### WHAT THE TASK REQUIRES
Could you print every record below exactly as written?

<<<<

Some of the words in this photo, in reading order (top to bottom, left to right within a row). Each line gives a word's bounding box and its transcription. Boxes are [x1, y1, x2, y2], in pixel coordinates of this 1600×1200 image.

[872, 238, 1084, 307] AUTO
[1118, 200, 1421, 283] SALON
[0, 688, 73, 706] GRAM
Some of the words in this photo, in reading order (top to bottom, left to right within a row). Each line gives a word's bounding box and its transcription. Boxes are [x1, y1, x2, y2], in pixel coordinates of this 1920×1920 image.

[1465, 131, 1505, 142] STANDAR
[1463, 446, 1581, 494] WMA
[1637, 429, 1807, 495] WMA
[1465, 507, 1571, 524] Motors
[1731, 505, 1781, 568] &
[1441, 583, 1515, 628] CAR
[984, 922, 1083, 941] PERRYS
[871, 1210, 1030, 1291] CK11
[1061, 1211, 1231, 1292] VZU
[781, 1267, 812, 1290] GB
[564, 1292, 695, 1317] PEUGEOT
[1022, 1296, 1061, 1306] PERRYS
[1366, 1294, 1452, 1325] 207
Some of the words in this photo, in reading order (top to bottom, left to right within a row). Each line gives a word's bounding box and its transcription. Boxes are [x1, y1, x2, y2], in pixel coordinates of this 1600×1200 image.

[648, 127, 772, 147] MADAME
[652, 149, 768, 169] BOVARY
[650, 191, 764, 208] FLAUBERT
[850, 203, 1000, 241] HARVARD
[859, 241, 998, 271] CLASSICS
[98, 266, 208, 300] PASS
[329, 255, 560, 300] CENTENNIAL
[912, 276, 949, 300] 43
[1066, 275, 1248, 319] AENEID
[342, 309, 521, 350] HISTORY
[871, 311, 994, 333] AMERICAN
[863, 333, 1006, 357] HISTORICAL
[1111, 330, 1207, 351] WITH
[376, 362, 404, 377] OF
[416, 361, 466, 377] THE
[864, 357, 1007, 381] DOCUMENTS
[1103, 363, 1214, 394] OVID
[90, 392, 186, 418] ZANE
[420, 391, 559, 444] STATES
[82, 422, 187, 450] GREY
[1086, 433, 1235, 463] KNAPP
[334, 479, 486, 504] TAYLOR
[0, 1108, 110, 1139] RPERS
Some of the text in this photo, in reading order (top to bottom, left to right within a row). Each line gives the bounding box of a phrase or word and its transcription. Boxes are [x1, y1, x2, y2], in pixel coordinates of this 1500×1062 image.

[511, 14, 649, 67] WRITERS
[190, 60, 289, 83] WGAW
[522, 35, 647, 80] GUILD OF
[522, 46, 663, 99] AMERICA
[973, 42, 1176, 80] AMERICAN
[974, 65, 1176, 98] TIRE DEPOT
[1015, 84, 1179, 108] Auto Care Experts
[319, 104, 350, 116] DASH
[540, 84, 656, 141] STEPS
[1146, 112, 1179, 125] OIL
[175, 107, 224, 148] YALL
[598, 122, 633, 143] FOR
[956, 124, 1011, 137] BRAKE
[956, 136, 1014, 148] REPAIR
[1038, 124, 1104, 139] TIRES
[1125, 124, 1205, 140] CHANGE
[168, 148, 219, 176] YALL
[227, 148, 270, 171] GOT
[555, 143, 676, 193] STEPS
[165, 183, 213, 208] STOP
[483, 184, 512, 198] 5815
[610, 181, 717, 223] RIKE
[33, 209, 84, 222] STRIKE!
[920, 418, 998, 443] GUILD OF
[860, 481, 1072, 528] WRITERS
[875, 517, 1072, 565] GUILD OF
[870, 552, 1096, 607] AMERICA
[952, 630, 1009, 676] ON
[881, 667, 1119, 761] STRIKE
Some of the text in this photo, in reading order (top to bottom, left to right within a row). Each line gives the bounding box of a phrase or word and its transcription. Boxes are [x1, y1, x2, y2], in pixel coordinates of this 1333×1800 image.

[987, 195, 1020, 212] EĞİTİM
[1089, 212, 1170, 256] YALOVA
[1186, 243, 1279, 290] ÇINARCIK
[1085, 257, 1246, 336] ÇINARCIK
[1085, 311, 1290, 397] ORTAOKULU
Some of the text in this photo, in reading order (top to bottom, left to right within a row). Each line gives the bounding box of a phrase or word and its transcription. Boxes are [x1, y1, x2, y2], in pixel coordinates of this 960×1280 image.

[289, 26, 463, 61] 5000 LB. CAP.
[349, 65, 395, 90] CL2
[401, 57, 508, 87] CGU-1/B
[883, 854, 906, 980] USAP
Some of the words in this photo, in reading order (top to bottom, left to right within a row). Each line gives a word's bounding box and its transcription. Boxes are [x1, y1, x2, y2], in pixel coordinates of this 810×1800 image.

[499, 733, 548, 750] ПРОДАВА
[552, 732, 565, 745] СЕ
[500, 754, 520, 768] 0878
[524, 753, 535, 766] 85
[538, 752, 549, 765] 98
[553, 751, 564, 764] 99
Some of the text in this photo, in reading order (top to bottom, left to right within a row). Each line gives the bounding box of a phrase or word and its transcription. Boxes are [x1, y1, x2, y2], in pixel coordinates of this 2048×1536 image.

>>>>

### TASK SOLUTION
Some of the words in this photo, in reading order (top to bottom, left to right within a row). Each line gives a word's bounding box and its transcription. Boxes are [x1, y1, x2, y2], in pixel coordinates of this 1600×1200 image.

[872, 238, 1084, 307] AUTO
[1118, 200, 1421, 283] SALON
[0, 688, 73, 706] GRAM
Some of the words in this photo, in reading order (top to bottom, left to right within a row). Each line gives a word's bounding box and its transcription. Boxes are [x1, y1, x2, y2], in pixel coordinates of this 1920×1920 image.

[1465, 131, 1505, 142] STANDAR
[1463, 446, 1581, 494] WMA
[1637, 429, 1807, 495] WMA
[1465, 507, 1571, 524] Motors
[1731, 505, 1781, 568] &
[1441, 583, 1515, 628] CAR
[984, 922, 1083, 941] PERRYS
[871, 1210, 1030, 1291] CK11
[1061, 1211, 1231, 1292] VZU
[781, 1267, 812, 1290] GB
[564, 1292, 695, 1317] PEUGEOT
[1022, 1296, 1061, 1306] PERRYS
[1366, 1294, 1452, 1325] 207
Some of the words in this photo, in reading order (top to bottom, left to right within a row). Each line gives a word's bounding box and its transcription. Boxes are [x1, y1, x2, y2], in pixel coordinates of this 1600×1200 image.

[648, 127, 772, 147] MADAME
[652, 149, 768, 169] BOVARY
[650, 191, 764, 208] FLAUBERT
[850, 203, 1000, 241] HARVARD
[859, 241, 998, 271] CLASSICS
[98, 266, 208, 300] PASS
[329, 255, 560, 300] CENTENNIAL
[912, 276, 949, 300] 43
[1066, 275, 1248, 319] AENEID
[342, 309, 521, 350] HISTORY
[871, 311, 994, 333] AMERICAN
[863, 333, 1006, 357] HISTORICAL
[1111, 330, 1207, 351] WITH
[376, 362, 404, 377] OF
[416, 361, 466, 377] THE
[864, 357, 1007, 381] DOCUMENTS
[1103, 363, 1214, 394] OVID
[90, 392, 186, 418] ZANE
[420, 391, 559, 444] STATES
[82, 422, 187, 450] GREY
[1086, 433, 1235, 463] KNAPP
[334, 479, 486, 504] TAYLOR
[0, 1108, 110, 1139] RPERS
Some of the text in this photo, in reading order (top to bottom, left to right within a row). Each line gives the bounding box of a phrase or word and its transcription. Boxes are [x1, y1, x2, y2], in pixel coordinates of this 1500×1062 image.

[511, 14, 649, 67] WRITERS
[190, 60, 289, 83] WGAW
[522, 35, 647, 80] GUILD OF
[522, 46, 663, 99] AMERICA
[973, 42, 1176, 80] AMERICAN
[974, 65, 1176, 98] TIRE DEPOT
[1015, 84, 1179, 108] Auto Care Experts
[319, 104, 350, 116] DASH
[540, 84, 656, 141] STEPS
[1146, 112, 1179, 125] OIL
[175, 107, 224, 148] YALL
[598, 122, 633, 143] FOR
[956, 124, 1011, 137] BRAKE
[956, 136, 1014, 148] REPAIR
[1038, 124, 1104, 139] TIRES
[1125, 124, 1205, 140] CHANGE
[168, 148, 219, 176] YALL
[227, 148, 270, 171] GOT
[555, 143, 676, 193] STEPS
[165, 183, 213, 208] STOP
[483, 184, 512, 198] 5815
[610, 181, 717, 223] RIKE
[33, 209, 84, 222] STRIKE!
[920, 418, 998, 443] GUILD OF
[860, 481, 1072, 528] WRITERS
[875, 517, 1072, 565] GUILD OF
[870, 552, 1096, 607] AMERICA
[952, 630, 1009, 676] ON
[881, 667, 1119, 761] STRIKE
Some of the text in this photo, in reading order (top to bottom, left to right within a row). Each line gives the bounding box of a phrase or word and its transcription. Boxes are [x1, y1, x2, y2], in pixel coordinates of this 1333×1800 image.

[987, 195, 1020, 212] EĞİTİM
[1089, 212, 1170, 256] YALOVA
[1186, 243, 1279, 290] ÇINARCIK
[1085, 257, 1246, 336] ÇINARCIK
[1085, 311, 1290, 397] ORTAOKULU
Some of the text in this photo, in reading order (top to bottom, left to right within a row). Each line gives the bounding box of a phrase or word and its transcription. Boxes are [x1, y1, x2, y2], in pixel coordinates of this 960×1280 image.

[289, 26, 463, 61] 5000 LB. CAP.
[349, 65, 395, 90] CL2
[401, 57, 508, 87] CGU-1/B
[883, 854, 906, 980] USAP
Some of the words in this photo, in reading order (top to bottom, left to right within a row). Each line gives a word's bounding box and its transcription. Boxes are [x1, y1, x2, y2], in pixel coordinates of this 810×1800 image.

[499, 733, 548, 750] ПРОДАВА
[552, 732, 565, 745] СЕ
[500, 754, 520, 768] 0878
[524, 753, 535, 766] 85
[538, 752, 549, 765] 98
[553, 751, 564, 764] 99
Some of the text in this photo, in reading order (top to bottom, left to right within a row). Each line gives the bounding box of a phrase or word and its transcription. Boxes are [x1, y1, x2, y2], in pixel coordinates of this 2048×1536 image.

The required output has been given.